Navigating the administrative side of radiology can be stressful. Here are a few practical tips to help ensure a smooth process from order to payment.

  1. Verify the Order: Ensure the order is specific. An order for “MRI lumbar spine” when the actual need is for the sacrum will create a discrepancy. If the order is vague, ask for clarification before the patient arrives.

  2. Confirm Laterality is Not an Issue: Since the code is for the pelvis, you do not need to specify left or right. This simplifies things compared to coding for extremities.

  3. Document Contrast Necessity: If you are using contrast (CPT 72197), ensure the ordering physician or radiologist has documented the medical necessity (e.g., “rule out tumor,” “evaluate for osteomyelitis”) in the order. This is a common audit trigger.

  4. Stay Updated: CPT codes can change annually. While the 72195-72197 family has been stable, it is crucial to use the most current year’s CPT manual for coding.

  5. Educate Front-Office Staff: The staff scheduling the MRI and obtaining prior authorization should understand that the sacrum/coccyx falls under “pelvis” codes. This prevents them from seeking authorization for a lumbar spine MRI when it is not appropriate.

A Note on Patient Experience

While our focus is on coding, it is important to remember that behind every CPT code is a person. For patients, an MRI can be an anxious experience. The machine is loud and confining, and the wait for results can be stressful.

If you are a patient reading this to understand your upcoming procedure, you should know that an MRI of the sacrum and coccyx is a routine, non-invasive procedure. You will lie on your back on a table that slides into the MRI machine. You may be given a “call button” to hold in case you feel uneasy. The technologist will communicate with you throughout the scan via an intercom.

Understanding the code (72195, 72196, or 72197) can also empower you to verify with your insurance that everything is in order before the big day, giving you one less thing to worry about.

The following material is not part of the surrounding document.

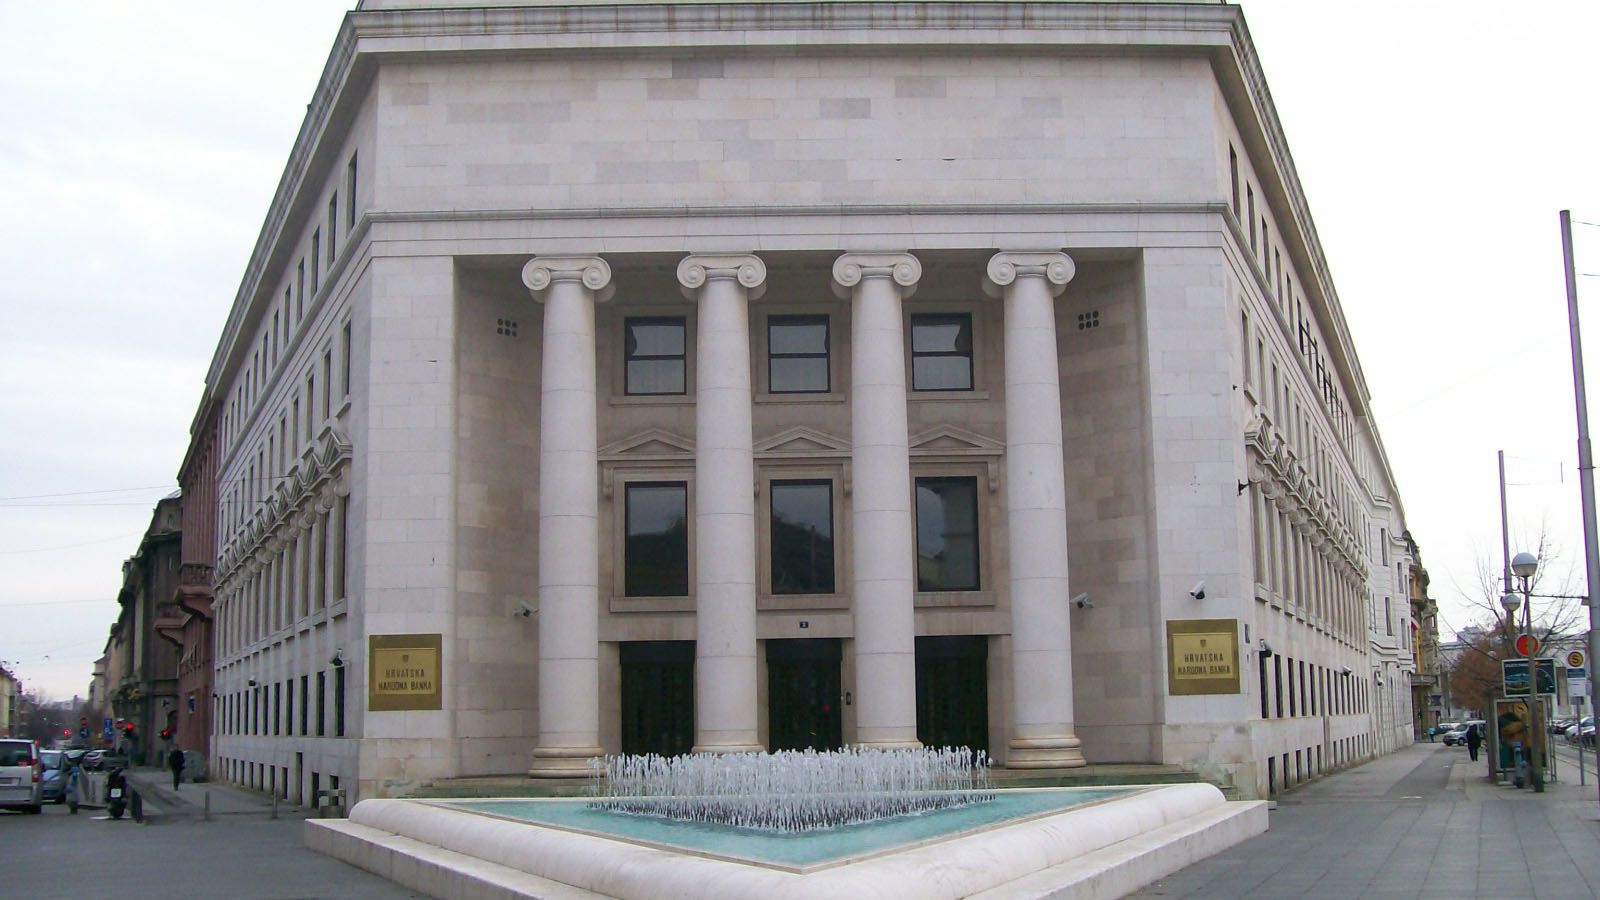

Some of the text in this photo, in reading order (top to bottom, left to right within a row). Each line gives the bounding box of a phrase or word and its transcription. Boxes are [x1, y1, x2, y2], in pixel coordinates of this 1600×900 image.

[1184, 653, 1224, 663] HRVATSKA
[385, 668, 425, 678] HRVATSKA
[1209, 665, 1231, 674] BANKA
[410, 681, 432, 690] BANKA

Additional Resource: The ACR Appropriateness Criteria

For those seeking a deeper, more clinical perspective, the American College of Radiology (ACR) Appropriateness Criteria is an invaluable resource. This evidence-based guide helps referring physicians and radiologists determine the most appropriate imaging exam for a given clinical condition.

For conditions like low back pain, sacroiliitis, or suspected fractures, the ACR provides ratings on whether an MRI, CT, X-ray, or other modality is the best choice. You can access these criteria through the ACR website. They serve as a gold standard for justifying medical necessity.

Link to ACR Appropriateness Criteria

Conclusion

Finding the correct CPT code for an MRI of the sacrum and coccyx comes down to understanding anatomy and the structure of the CPT manual. The procedure is classified under pelvic MRI, with the most common codes being 72195 for non-contrast studies and 72197 for those requiring contrast.

Accuracy in coding ensures proper reimbursement, reduces administrative headaches, and supports the overall efficiency of the healthcare system. By focusing on the specifics of the exam and aligning them with the correct code family, providers can minimize denials and patients can better understand the process. Remember, when in doubt, clear communication between the clinical team, the billing department, and the patient is the key to success.